Nonprofit organizations require an array of technical building-blocks to accomplish their mission work. Whether physical computers, cloud services, or user training, all have a price-tag and a degree of mission efficacy. Technology can be expensive, so making smart decisions has a direct impact on the bottom-line of your group, as well as what you’re able to accomplish. This resource gives you some simple tools to help you make better IT choices.

First, we surveyed over 100 regional nonprofits about how they are using technology. The results provide a view of how groups are tackling (or not) their technical challenges. We will gather responses annually so trends, gaps and duplication in the regional IT infrastructure can be identified, if not addressed directly.

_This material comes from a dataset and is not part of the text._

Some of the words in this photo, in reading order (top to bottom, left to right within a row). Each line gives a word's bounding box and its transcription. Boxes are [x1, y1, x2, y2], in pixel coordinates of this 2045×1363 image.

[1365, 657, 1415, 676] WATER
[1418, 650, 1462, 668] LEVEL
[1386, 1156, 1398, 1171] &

Secondly, we’re forming a list of technical service providers – their core expertise, experience, contact info, etc – so that nonprofits and grantmakers have a ready reference when choosing IT vendors. This is not a tightly curated list, but contains a few hundred options to evaluate. The goal is to improve the the underlying information so that more suitable decisions can be made.

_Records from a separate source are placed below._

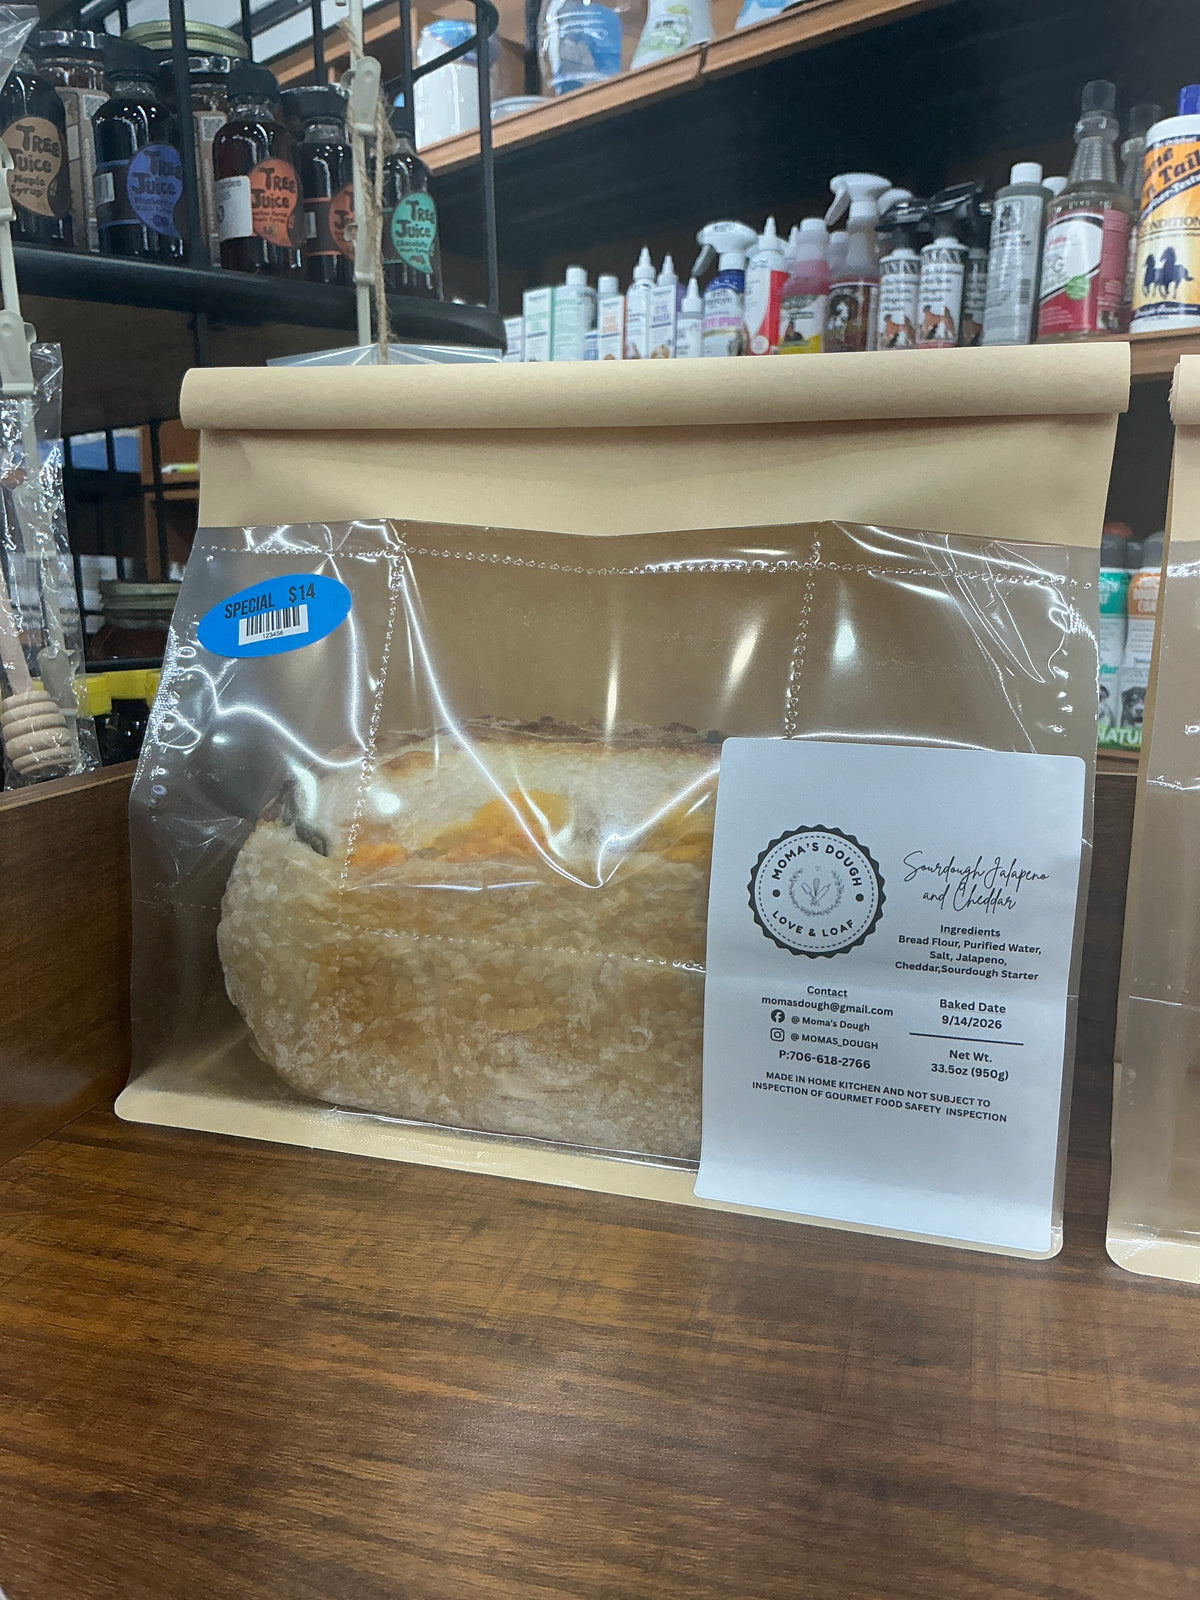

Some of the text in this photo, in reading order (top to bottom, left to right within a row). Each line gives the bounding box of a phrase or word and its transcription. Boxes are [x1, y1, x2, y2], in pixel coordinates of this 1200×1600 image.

[259, 167, 297, 194] TREE
[251, 188, 290, 209] Juice
[395, 219, 431, 239] Juice
[224, 582, 316, 619] SPECIAL $14
[262, 630, 284, 639] 123456
[1098, 727, 1142, 745] NATU
[771, 842, 863, 887] MOMA'S DOUGH
[903, 850, 1050, 897] Sourdough Jalapeno
[922, 881, 1017, 914] and Cheddar
[772, 910, 854, 937] LOVE & LOAF
[940, 924, 1001, 938] Ingredients
[898, 935, 1042, 955] Bread Flour, Purified Water,
[929, 950, 1007, 967] Salt, Jalapeno,
[895, 961, 1039, 981] Cheddar,Sourdough Starter
[806, 985, 848, 998] Contact
[761, 996, 894, 1017] momasdough@gmail.com
[939, 998, 1007, 1014] Baked Date
[790, 1015, 870, 1033] @ Moma's Dough
[941, 1015, 1003, 1030] 9/14/2026
[790, 1032, 879, 1050] @ MOMAS_DOUGH
[778, 1049, 871, 1069] P:706-618-2766
[949, 1049, 993, 1063] Net Wt.
[931, 1063, 1009, 1082] 33.5oz (950g)
[766, 1071, 991, 1108] MADE IN HOME KITCHEN AND NOT SUBJECT TO
[752, 1081, 1007, 1122] INSPECTION OF GOURMET FOOD SAFETY INSPECTION

Finally, in an effort to provide a launchpad for tackling technology problems big and small, we offer an online sounding board for all IT issues facing you and your organization. This simple system, which is accessed by clicking the “Questions” tab on the left side of this page, allows you to describe technical problems you face, and offers a basic direction on how to approach a resolution. Small difficulties – particularly ones that are consistent across the sector – might receive a complete fix via email. More common will be advice to “consider talking to these three service providers.” By collecting technical problems in one place, we not only have a mechanism for dispatching help options, but we also learn more about the immediate needs of the greater community, which is useful information to grantmakers and providers. Byproducts of the system will be frequently asked questions/answers and periodic public reporting.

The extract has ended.